• Exercise instructions
Print the records below word for word, but leave out the pictures.

+ + + +

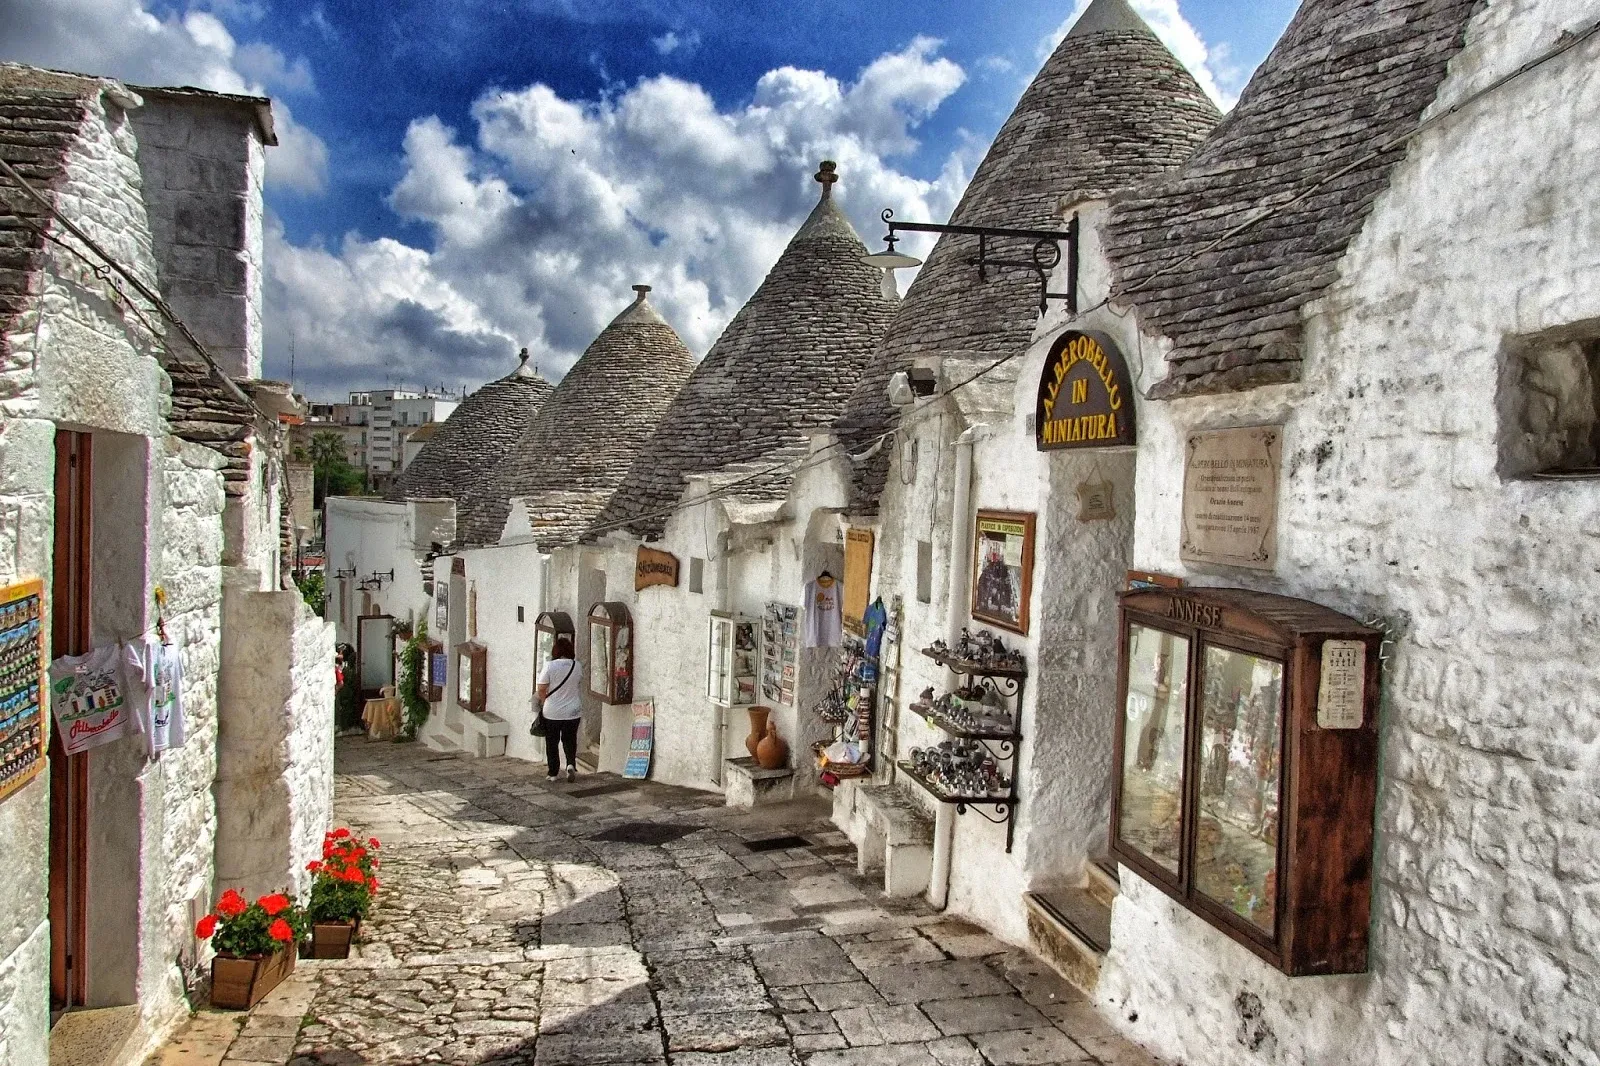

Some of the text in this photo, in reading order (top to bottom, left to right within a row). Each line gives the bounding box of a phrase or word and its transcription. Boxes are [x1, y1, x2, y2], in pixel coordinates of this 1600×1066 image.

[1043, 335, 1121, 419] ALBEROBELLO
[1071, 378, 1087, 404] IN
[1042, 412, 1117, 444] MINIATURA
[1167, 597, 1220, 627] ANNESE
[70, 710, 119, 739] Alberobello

+ + + +

• Result
Some of the text in this photo, in reading order (top to bottom, left to right within a row). Each line gives the bounding box of a phrase or word and its transcription. Boxes are [x1, y1, x2, y2], in pixel coordinates of this 1600×1066 image.

[1043, 335, 1121, 419] ALBEROBELLO
[1071, 378, 1087, 404] IN
[1042, 412, 1117, 444] MINIATURA
[1167, 597, 1220, 627] ANNESE
[70, 710, 119, 739] Alberobello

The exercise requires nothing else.